Content starts

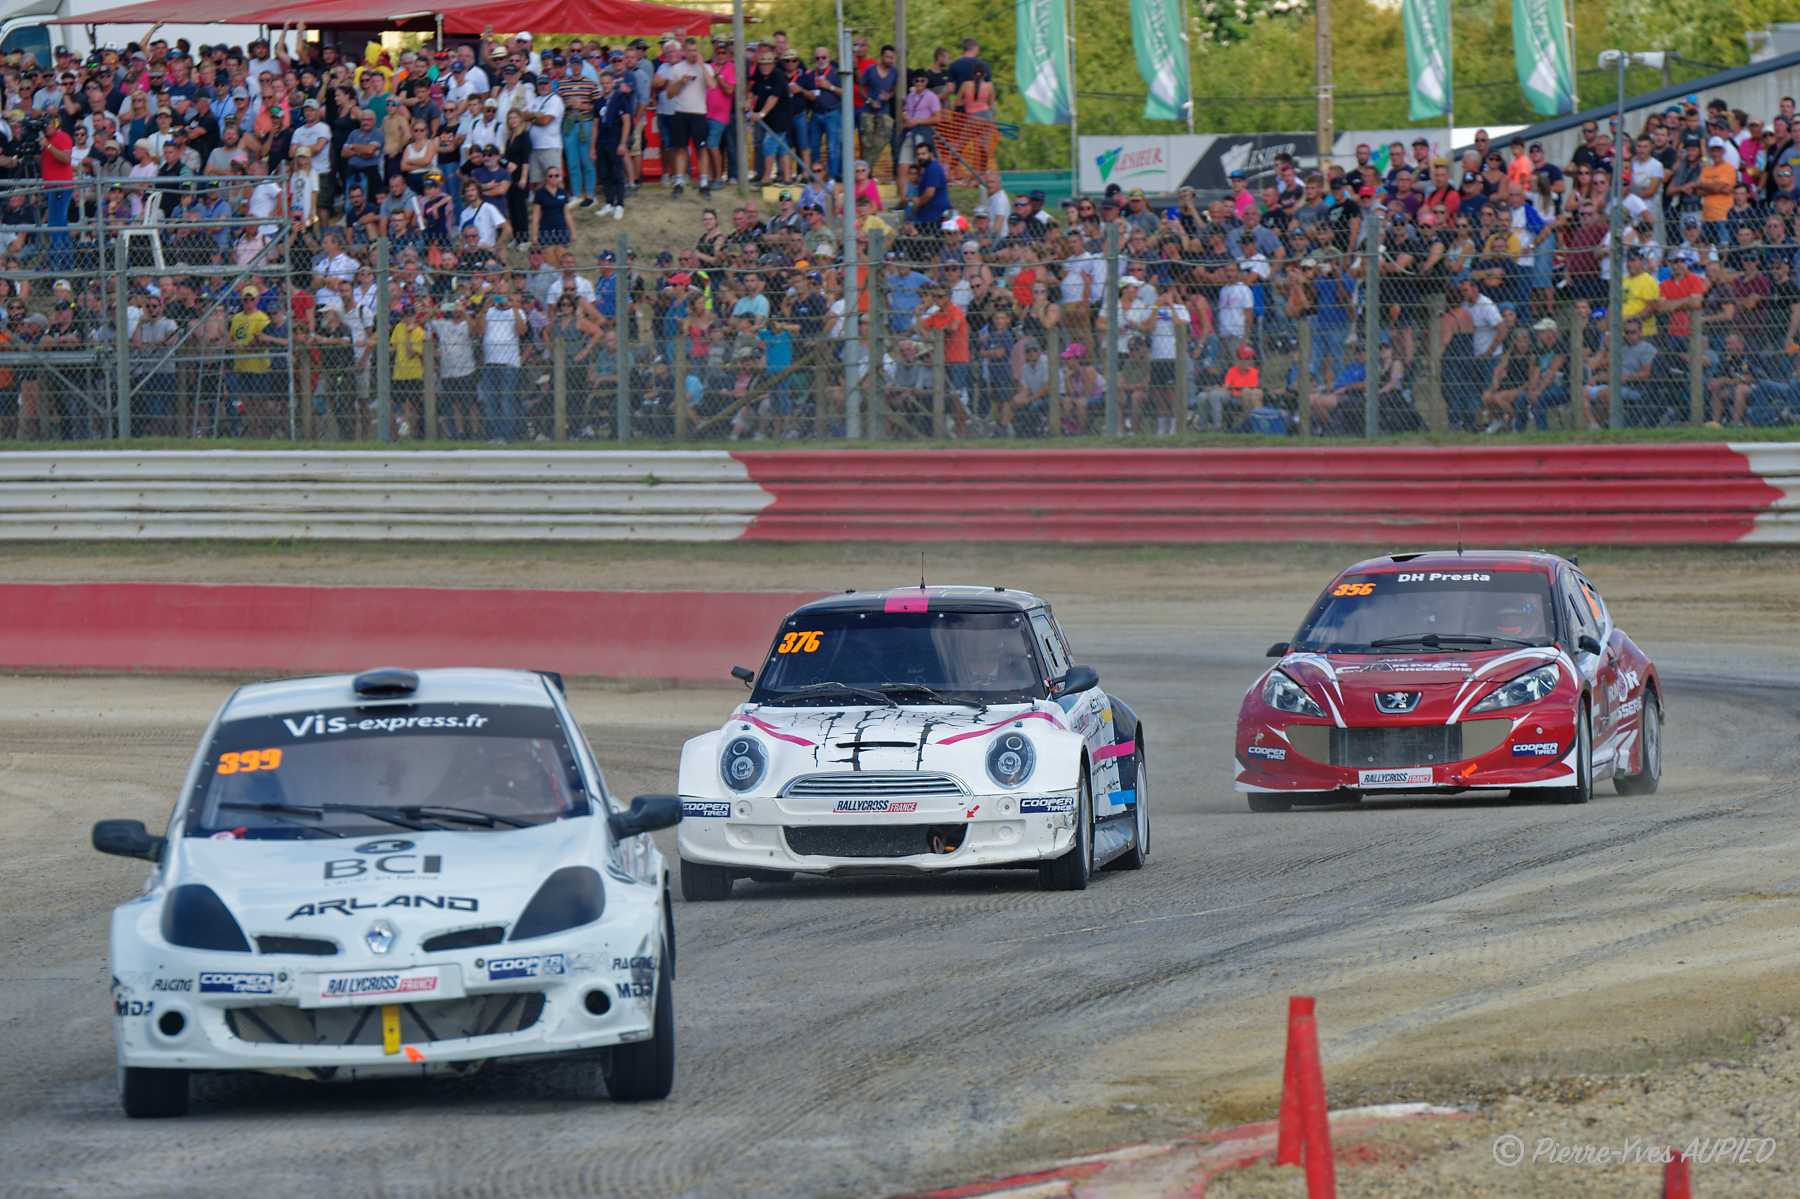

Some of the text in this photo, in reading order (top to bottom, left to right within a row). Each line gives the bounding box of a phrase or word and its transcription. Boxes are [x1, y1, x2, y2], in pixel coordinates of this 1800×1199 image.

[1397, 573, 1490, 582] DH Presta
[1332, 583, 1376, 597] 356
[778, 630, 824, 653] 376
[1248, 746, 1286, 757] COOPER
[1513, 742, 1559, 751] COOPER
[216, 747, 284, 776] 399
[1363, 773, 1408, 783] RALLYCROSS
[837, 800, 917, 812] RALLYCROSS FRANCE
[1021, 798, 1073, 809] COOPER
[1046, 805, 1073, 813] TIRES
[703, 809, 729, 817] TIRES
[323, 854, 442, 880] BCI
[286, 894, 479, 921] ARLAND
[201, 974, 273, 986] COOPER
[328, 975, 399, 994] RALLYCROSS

Content ends

→ **Task to complete**
Once the pictures are removed, print all the remaining data exactly as it stands.

→ **Your response**
Some of the text in this photo, in reading order (top to bottom, left to right within a row). Each line gives the bounding box of a phrase or word and its transcription. Boxes are [x1, y1, x2, y2], in pixel coordinates of this 1800×1199 image.

[1397, 573, 1490, 582] DH Presta
[1332, 583, 1376, 597] 356
[778, 630, 824, 653] 376
[1248, 746, 1286, 757] COOPER
[1513, 742, 1559, 751] COOPER
[216, 747, 284, 776] 399
[1363, 773, 1408, 783] RALLYCROSS
[837, 800, 917, 812] RALLYCROSS FRANCE
[1021, 798, 1073, 809] COOPER
[1046, 805, 1073, 813] TIRES
[703, 809, 729, 817] TIRES
[323, 854, 442, 880] BCI
[286, 894, 479, 921] ARLAND
[201, 974, 273, 986] COOPER
[328, 975, 399, 994] RALLYCROSS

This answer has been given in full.